United States Court of Appeals, Eleventh Circuit
Sep 5, 1996
93 F.3d 752 (11th Cir. 1996)

Summary

holding that hostile environment complaint to a manager not considered "higher management" does not suffice as direct notice to company

Summary of this case from Reynolds v. CSX Transportation, Inc.

Opinion

No. 94-7018.

Decided September 5, 1996.

Ann C. Robertson, Rebecca J. Anthony, Gordon, Silberman Wiggins Childs, Birmingham, AL, for Appellants.

LaSherril Brown, LaVeeda Morgan Battle, Gorham Waldrep, P.C., Birmingham, AL, for Appellees.

Appeal from the United States District Court for the Northern District of Alabama.

(No. CV 90-HM-2173-J), E.B. Haltom, Jr., Judge.

Before EDMONDSON and DUBINA, Circuit Judges, and FARRIS, Senior Circuit Judge.

Honorable Jerome Farris, Senior U.S. Circuit Judge for the Ninth Circuit, sitting by designation.

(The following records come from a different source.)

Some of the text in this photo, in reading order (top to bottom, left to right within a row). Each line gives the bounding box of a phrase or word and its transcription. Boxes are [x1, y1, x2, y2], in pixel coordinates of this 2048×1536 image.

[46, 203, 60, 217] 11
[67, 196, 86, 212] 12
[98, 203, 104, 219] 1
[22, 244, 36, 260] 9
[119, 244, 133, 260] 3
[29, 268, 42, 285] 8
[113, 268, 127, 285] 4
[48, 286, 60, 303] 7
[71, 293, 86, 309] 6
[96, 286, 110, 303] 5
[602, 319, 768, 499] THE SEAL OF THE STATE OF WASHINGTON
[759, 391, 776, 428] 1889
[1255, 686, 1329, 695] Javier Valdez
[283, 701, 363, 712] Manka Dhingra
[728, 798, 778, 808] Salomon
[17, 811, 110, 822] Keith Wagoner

Marcy Kilgore, Pam Medders, and Vicki Ellis sued their employer, Thompson Brock Management, Inc., charging sexual harassment in violation of Title VII, as well as the torts of outrage and invasion of privacy under Alabama law. They appeal the district court's grant of summary judgment in favor of the company.

We AFFIRM.

I. Hostile Work Environment

Thompson and Brock Management, Inc. had a contract to manage the Pizza Hut in Jasper, Alabama. Kilgore, Medders, and Ellis claim to have been sexually harassed by Eddie Schultz, the delivery driver for the Jasper Pizza Hut. "An employer is indirectly liable for hostile work environment sexual harassment if the employer knew or should have known of the harassment and failed to take prompt remedial action." Faragher v. City of Boca Raton, 76 F.3d 1155, 1167. "The employee can show that the employer had knowledge of the harassment by proving that she complained to higher management of the problem or by demonstrating that the harassment was so pervasive that an inference of constructive knowledge arises." Huddleston v. Roger Dean Chevrolet, Inc., 845 F.2d 900, 904 (11th Cir. 1988).

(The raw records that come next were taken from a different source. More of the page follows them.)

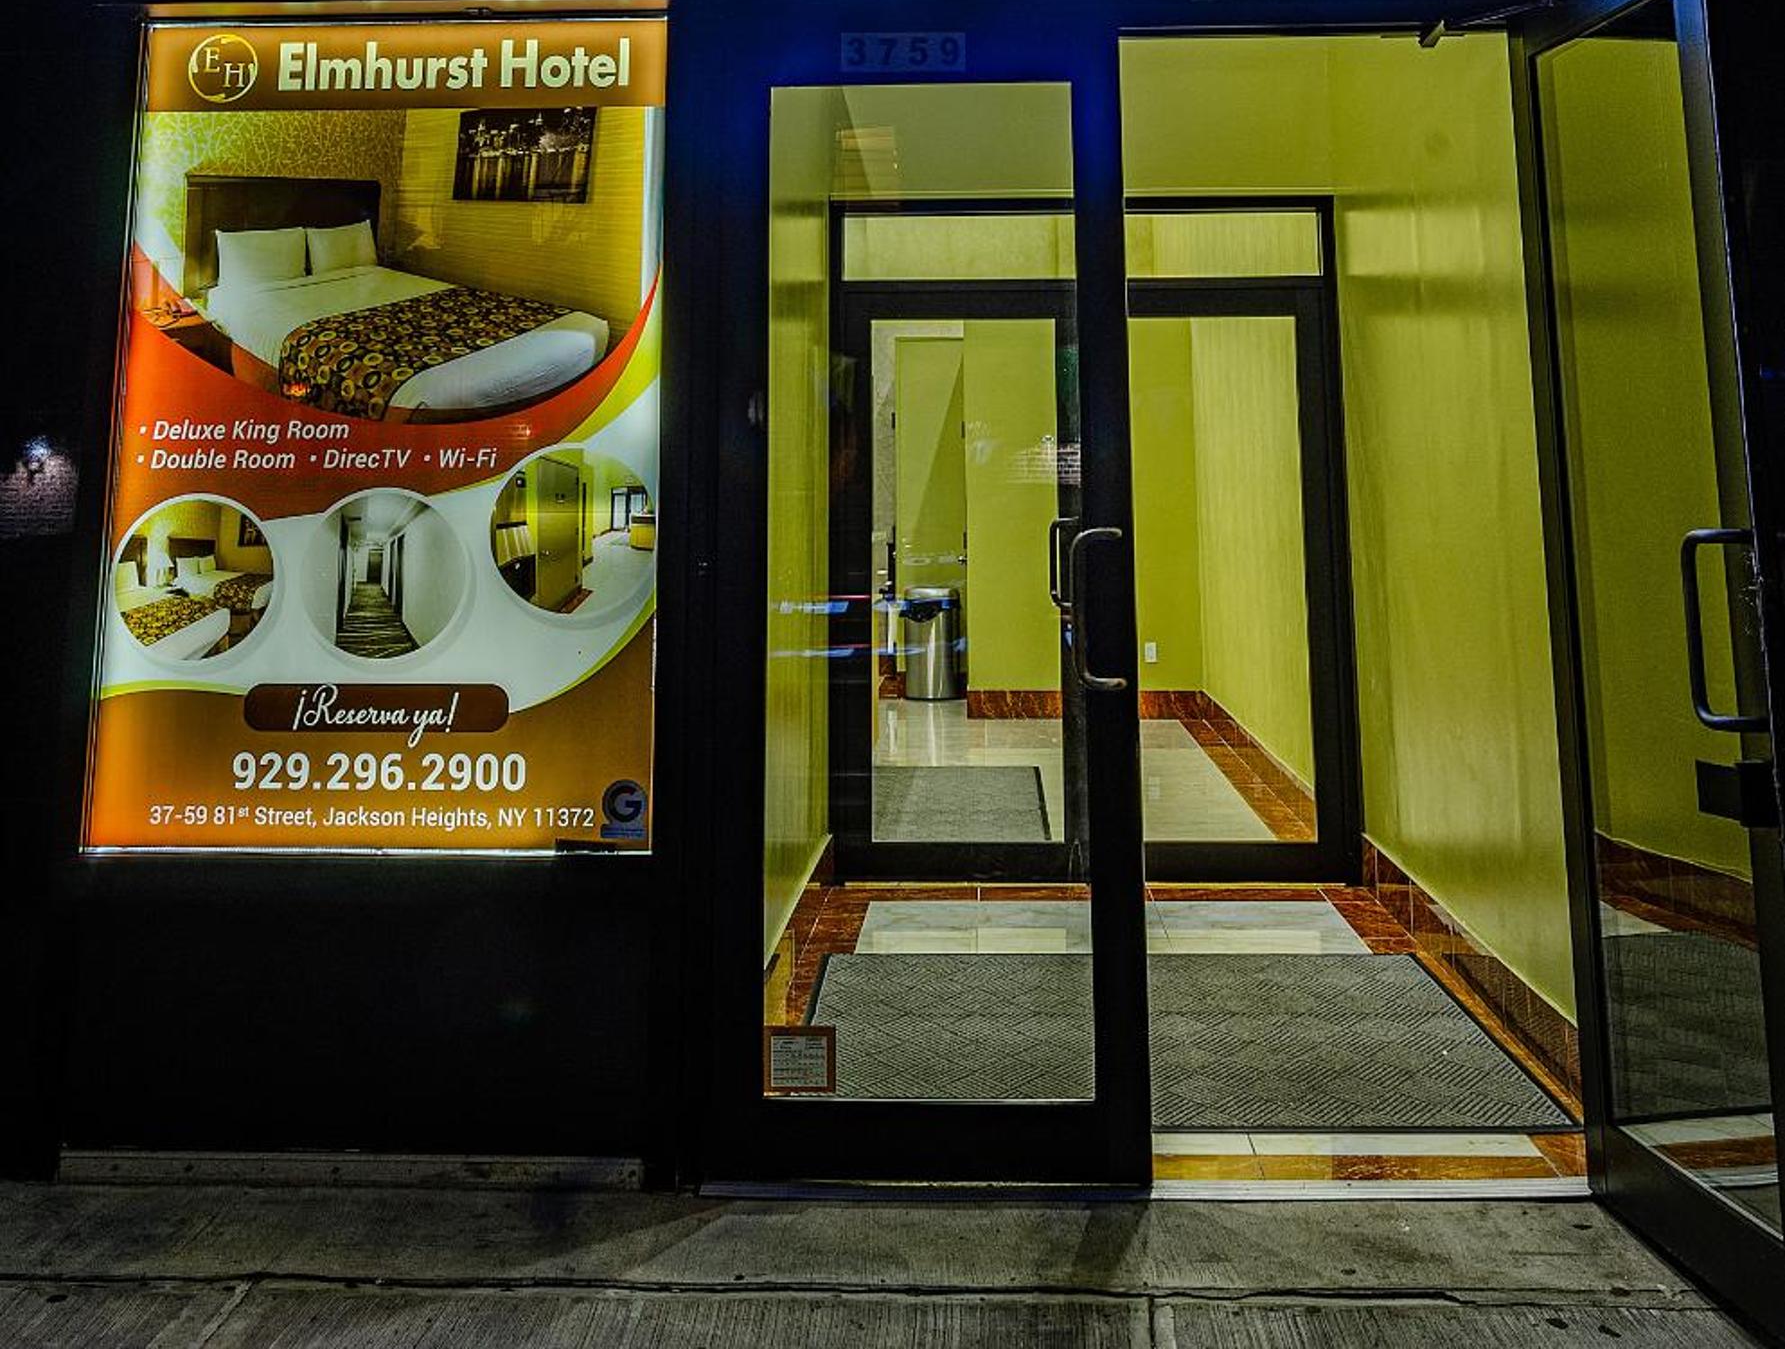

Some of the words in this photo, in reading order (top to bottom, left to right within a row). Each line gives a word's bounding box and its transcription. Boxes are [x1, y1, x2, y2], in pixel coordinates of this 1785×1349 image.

[278, 41, 488, 91] Elmhurst
[500, 37, 630, 88] Hotel
[846, 37, 959, 66] 3759
[153, 419, 226, 440] Deluxe
[232, 419, 280, 445] King
[287, 421, 349, 440] Room
[151, 449, 226, 469] Double
[233, 450, 295, 469] Room
[323, 448, 412, 469] DirecTV
[439, 447, 497, 469] Wi-Fi
[407, 691, 460, 748] ya!
[232, 752, 526, 792] 929.296.2900
[149, 805, 208, 825] 37-59
[213, 805, 249, 825] 81st
[254, 806, 317, 828] Street,
[322, 806, 405, 827] Jackson
[411, 806, 493, 831] Heights,
[498, 808, 527, 827] NY
[533, 808, 594, 827] 11372

Ellis and Kilgore first complained to Sherry Schultz, the manager of the Jasper Pizza Hut. They contend that this constituted a complaint to the "higher management" of Thompson and Brock. The record refutes the argument. Although Sherry Schultz had managerial responsibilities at the Pizza Hut facility itself, she was not part of "higher management" at Thompson and Brock. Thompson and Brock did not have knowledge of the alleged sexual harassment until Medders and Ellis called Thompson and Brock's office and left a message for Vice President Rommie Brock on November 17, 1989.

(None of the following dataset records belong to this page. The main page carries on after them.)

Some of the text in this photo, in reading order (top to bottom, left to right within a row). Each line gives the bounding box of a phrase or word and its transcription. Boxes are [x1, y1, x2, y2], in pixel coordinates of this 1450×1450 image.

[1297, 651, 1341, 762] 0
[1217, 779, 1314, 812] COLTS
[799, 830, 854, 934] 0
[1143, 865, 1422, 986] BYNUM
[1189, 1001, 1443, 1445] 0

It is unfortunate, but not fatal, that the plaintiffs elected not to follow established written procedures for notification of Thompson and Brock.

Thompson and Brock can only be liable under Title VII for Eddie Schultz's alleged misconduct if it failed to take prompt remedial action after receiving notice of the alleged sexual harassment. The "remedial action" must be "reasonably likely to prevent the misconduct from recurring." Guess v. Bethlehem Steel Corp., 913 F.2d 463, 465 (7th Cir. 1990). The district court did not err in holding that Thompson and Brock took prompt remedial action under the facts and circumstances of this record.

An employer can also be held directly liable under Title VII for a hostile work environment in the rare case where "a supervisor or other employee act[s] within the scope of his employment in creating a hostile work environment." Faragher, 76 F.3d at 1166. This case does not present that situation.

After receiving notice on Friday, November 19, 1989, Thompson and Brock began an investigation of the alleged sexual harassment. Diane Ingraham (operations manager of Thompson and Brock) and Rommie Brock arranged a meeting with the plaintiffs for Tuesday, November 23, 1989. After arriving in Jasper, Ingraham and Brock were told that the plaintiffs would not meet with them and were represented by counsel. Thompson and Brock continued its investigation by interviewing Eddie Schultz, Sherry Schultz, and other female employees at the Jasper Pizza Hut. Eddie and Sherry Schultz denied the sexual harassment complaints. Thompson and Brock failed to find any support for the sexual harassment allegations: 1) the female employees interviewed stated that they had not seen Eddie Schultz engaging in any sexually harassing behavior, 2) Eddie and Sherry Schultz denied the allegations, and 3) the plaintiffs had all voluntarily resigned and refused to meet with Thompson and Brock officials. Notification by telephone on Friday followed by scheduled investigatory interviews on the following Tuesday establish that Thompson and Brock responded to the allegations with prompt remedial action. They are therefore not liable for the alleged misconduct of Eddie Schultz.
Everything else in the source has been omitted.